URL: http://arxiv.org/abs/2310.07799v3
Date: Tue, 11 Feb 2025 12:32:59 GMT
Title: Domain-invariant Clinical Representation Learning by Bridging Data Distribution Shift across EMR Datasets
Authors: Zhongji Zhang, Yuhang Wang, Yinghao Zhu, Xinyu Ma, Yasha Wang, Junyi Gao, Liantao Ma, Wen Tang, Xiaoyun Zhang, Ling Wang,
Abstract summary: An effective prognostic model could assist physicians in making accurate diagnoses and designing personalized treatment plans. limited data collection, insufficient clinical experience, and privacy and ethical concerns restrict data availability. We present a domain-invariant representation learning method that constructs a transition model between source and target datasets.
Score: 28.59271580918754
License:
Abstract: Emerging diseases present challenges in symptom recognition and timely clinical intervention due to limited available information. An effective prognostic model could assist physicians in making accurate diagnoses and designing personalized treatment plans to prevent adverse outcomes.
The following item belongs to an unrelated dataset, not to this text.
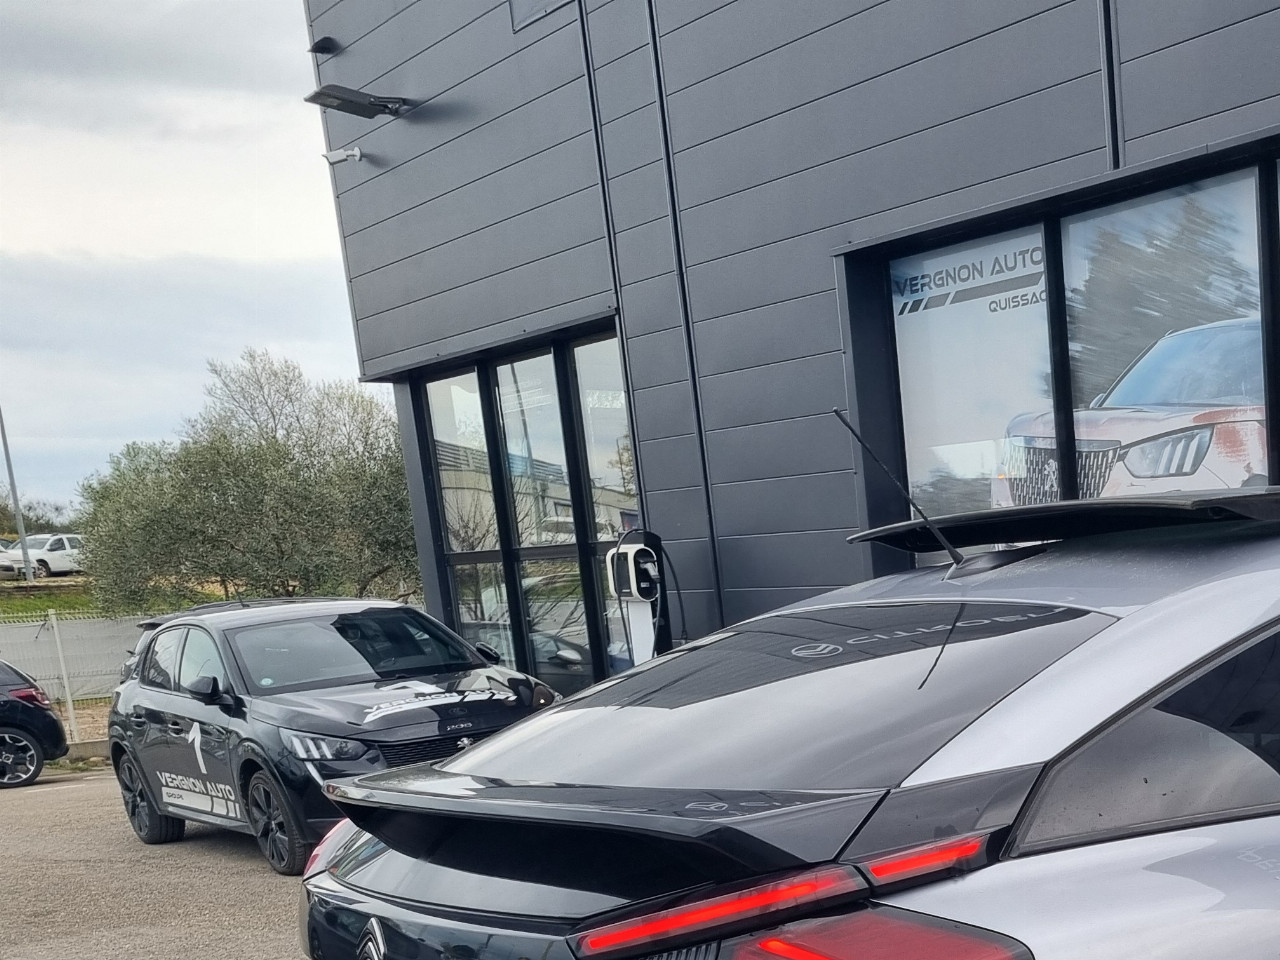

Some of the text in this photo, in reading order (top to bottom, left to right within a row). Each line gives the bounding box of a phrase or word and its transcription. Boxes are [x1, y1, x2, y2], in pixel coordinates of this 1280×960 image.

However, in the early stages of disease emergence, several factors hamper model development: limited data collection, insufficient clinical experience, and privacy and ethical concerns restrict data availability and complicate accurate label assignment. Furthermore, Electronic Medical Record (EMR) data from different diseases or sources often exhibit significant cross-dataset feature misalignment, severely impacting the effectiveness of deep learning models. We present a domain-invariant representation learning method that constructs a transition model between source and target datasets. By constraining the distribution shift of features generated across different domains, we capture domain-invariant features specifically relevant to downstream tasks, developing a unified domain-invariant encoder that achieves better feature representation across various task domains. Experimental results across multiple target tasks demonstrate that our proposed model surpasses competing baseline methods and achieves faster training convergence, particularly when working with limited data. Extensive experiments validate our method's effectiveness in providing more accurate predictions for emerging pandemics and other diseases. Code is publicly available at https://github.com/wang1yuhang/domain_invariant_network.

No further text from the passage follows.